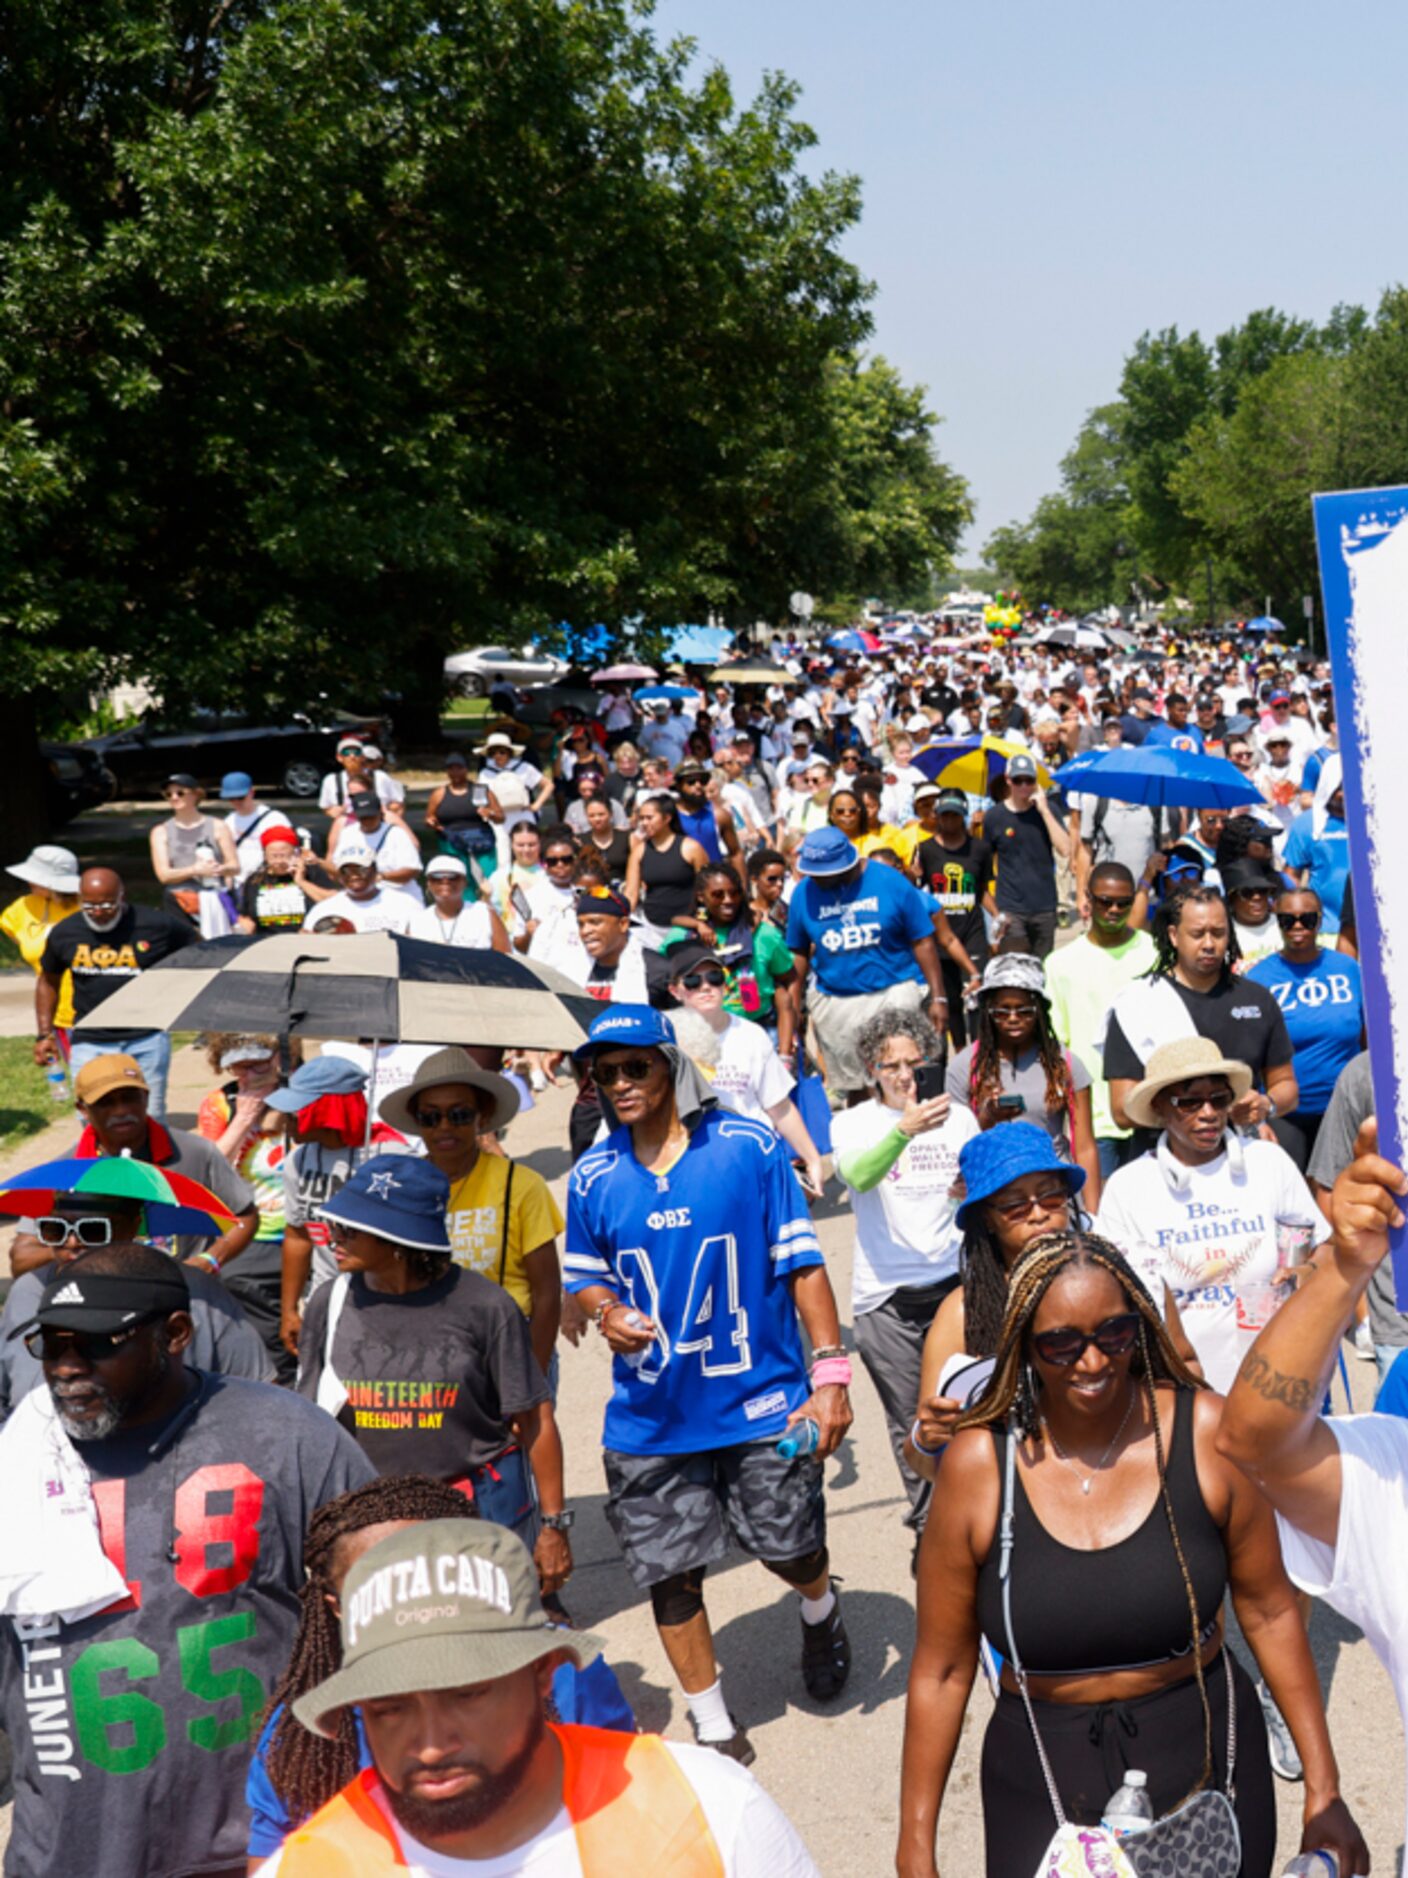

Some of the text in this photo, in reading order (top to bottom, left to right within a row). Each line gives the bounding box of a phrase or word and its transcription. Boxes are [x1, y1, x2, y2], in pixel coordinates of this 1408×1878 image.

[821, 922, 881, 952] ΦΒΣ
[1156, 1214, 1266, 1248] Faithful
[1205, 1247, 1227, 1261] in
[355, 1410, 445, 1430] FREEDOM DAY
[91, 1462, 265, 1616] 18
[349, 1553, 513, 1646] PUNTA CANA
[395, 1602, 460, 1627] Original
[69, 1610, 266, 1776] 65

--- --- ---

Directions
Each line in the records above should be reproduced exactly; images are not copied.

Result below
Some of the text in this photo, in reading order (top to bottom, left to right within a row). Each line gives the bounding box of a phrase or word and its transcription. Boxes are [x1, y1, x2, y2], in pixel coordinates of this 1408×1878 image.

[821, 922, 881, 952] ΦΒΣ
[1156, 1214, 1266, 1248] Faithful
[1205, 1247, 1227, 1261] in
[355, 1410, 445, 1430] FREEDOM DAY
[91, 1462, 265, 1616] 18
[349, 1553, 513, 1646] PUNTA CANA
[395, 1602, 460, 1627] Original
[69, 1610, 266, 1776] 65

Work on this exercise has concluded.